Area in North Tyneside, England

Willington Quay is an area in the borough of North Tyneside in Tyne and Wear in northern England. It is on the north bank of the River Tyne, facing Jarrow, and between Wallsend and North Shields. It is served by the Howdon Metro station in Howdon. The area from 2006 onwards has been an area of new housing built on brownfield sites. The house building continues into 2013 and is changing the social and economic balance in the area. The area has also had a make over of the bowling green off Howdon Lane and further warehousing next to the bowling green has been demolished to make way for further new housing.

==Local government==
The area, originally in the parish of Wallsend, on 30 September 1894 Willington Quay became a separate civil parish, being formed from the part of Wallsend parish in Willington Quay Urban District. The Local Government Act 1894 brought together the Howdon and Willington Quay USDs as an urban district of Northumberland. On 9 November 1910 the parish was abolished and merged with Wallsend. In 1910, the urban district became part of the borough of Wallsend. In 1901 the parish had a population of 7941.

==History==

===Industry===
The Tyne Iron Shipyard was founded in 1876 in the village. It suffered a major fire in 1920, which resulted in several workshops being destroyed and ships being damaged. The yard was acquired by Armstrong Whitworth in 1928 after the original company went into liquidation. The following year, it completed construction of the cargo ship Kitty Taylor. The company sold the yard in 1933.

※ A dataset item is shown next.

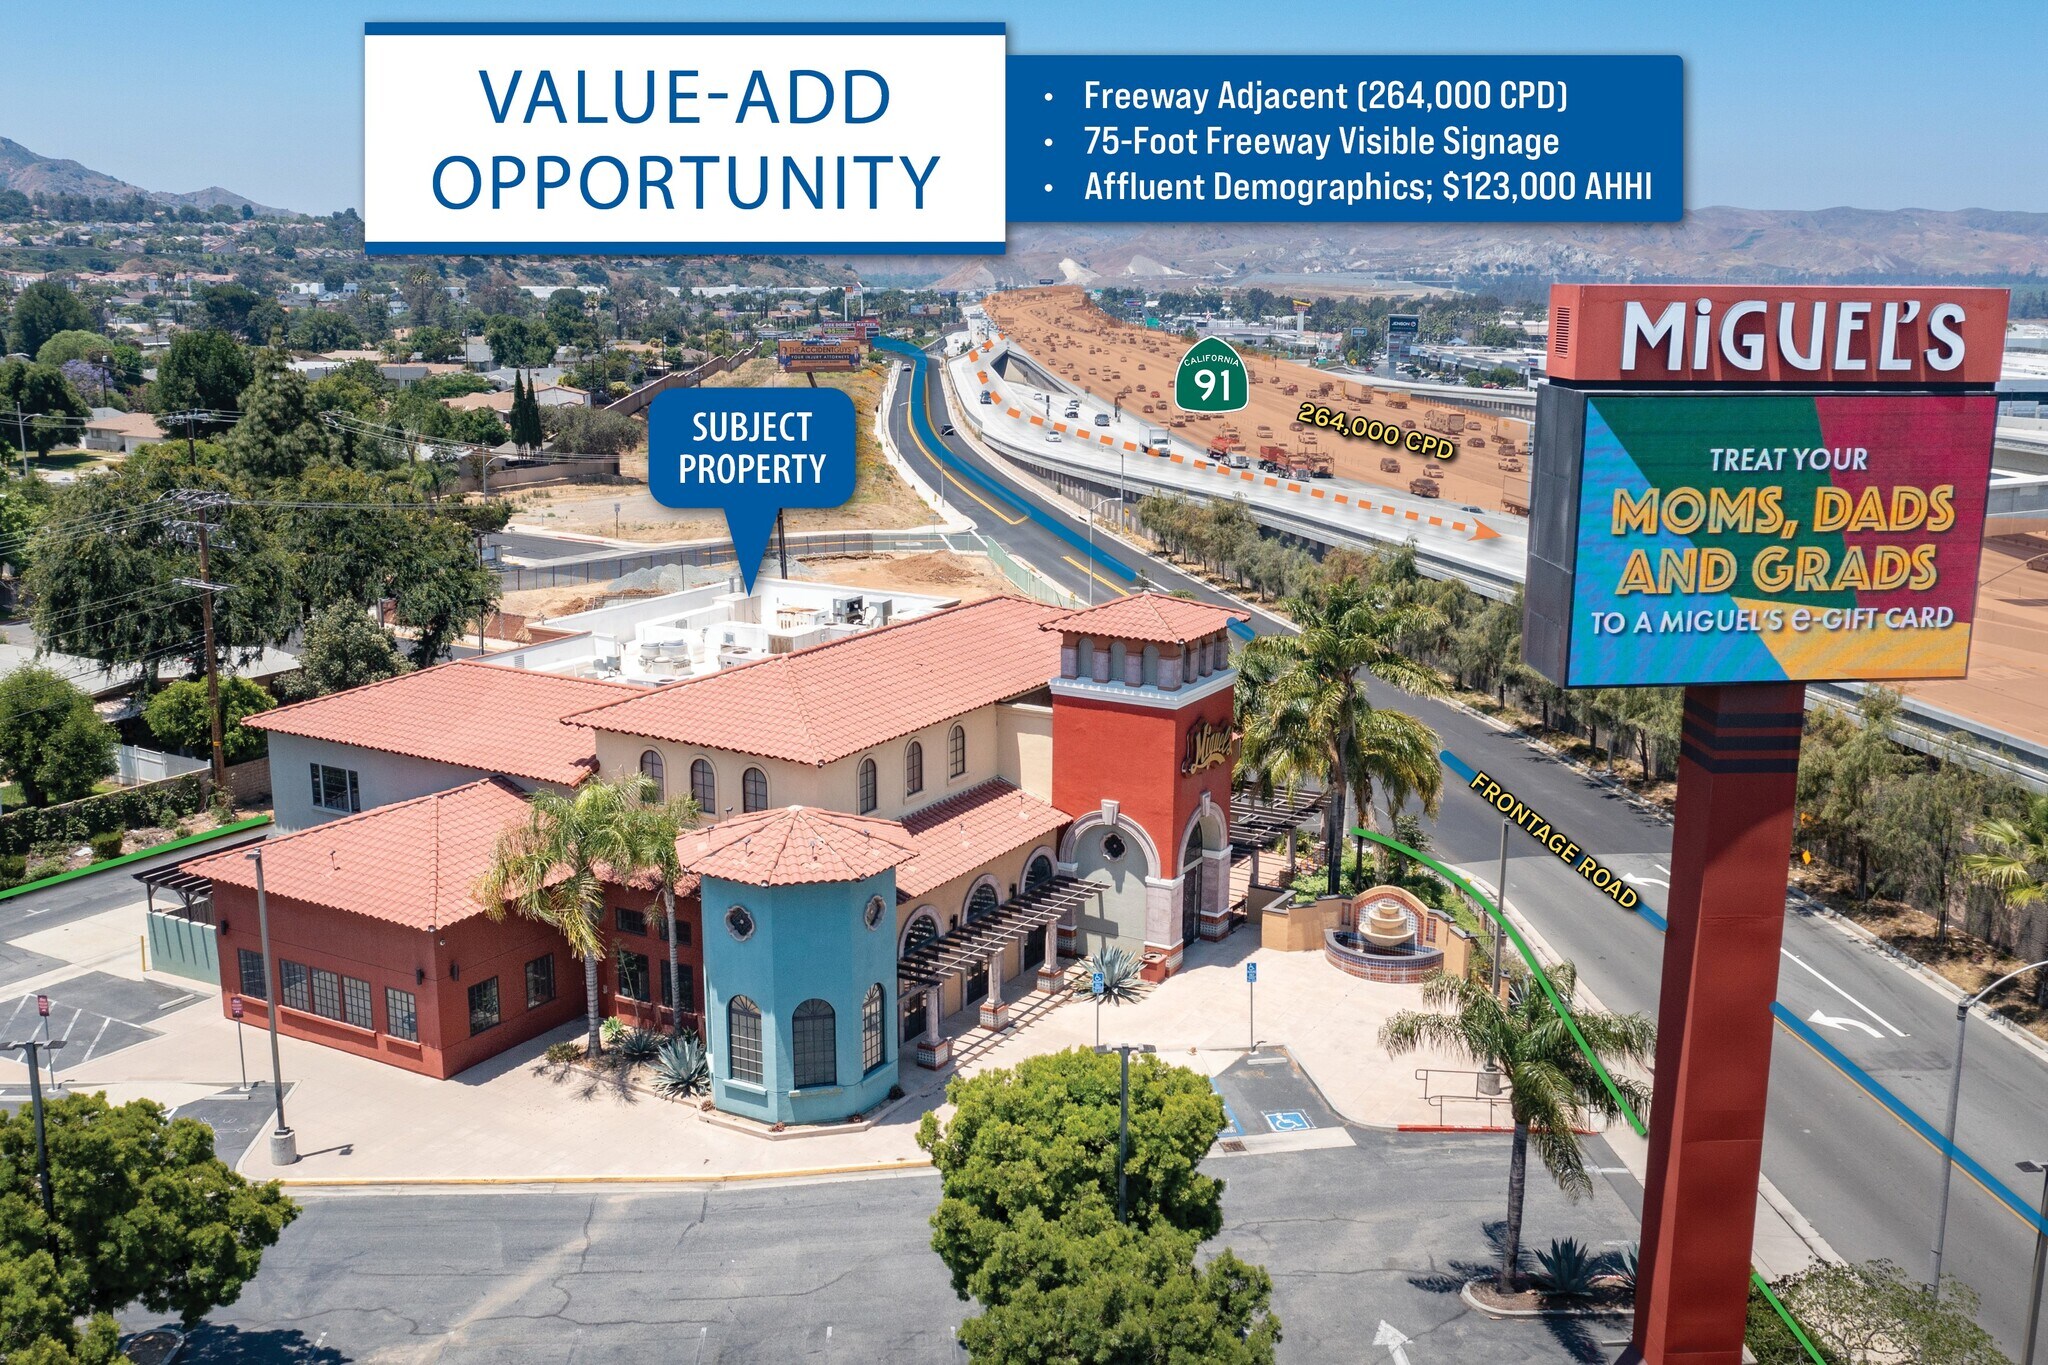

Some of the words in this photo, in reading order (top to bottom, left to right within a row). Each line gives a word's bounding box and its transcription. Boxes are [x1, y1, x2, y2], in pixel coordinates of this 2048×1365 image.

Eltringham's ship yard, the site of which was bought in 1912, was formerly on the banks of the River Tyne in the village. The yard was later the site of a plywood factory. Cookson's lead works was another company once operating in the village.

Addison, Potter and Son, a cement-making company, was acquired by the British Portland Cement Manufacturing Company in 1912.

The steel wire and rope manufacturers Messrs. R. Hood Haggie and Son, founded in 1789, was also situated in Willington Quay. As of 2016, the site is still used for rope manufacture, by Bridon.

===Culture===
In 1936, Irene Ward MP wrote to The Times to ask if readers would consider donating musical instruments to the unemployed of the village. One member of the community had apparently made his own violin. The same year, a Daily Mail article recorded that young people were having to leave the area in order to find work.

===Transport===
The village's railway station closed in 1973. Despite this, the nearby village of Howdon is still connected to the Tyne and Wear metro service

===Health===
Willington Quay Maternity Hospital was a 14-bed facility built in 1926, the first to be built by Northumberland County Council. It was closed in the 1970s and demolished by 1995.

==Religion==
A United Presbyterian church was built in 1867, with a 92 foot spire.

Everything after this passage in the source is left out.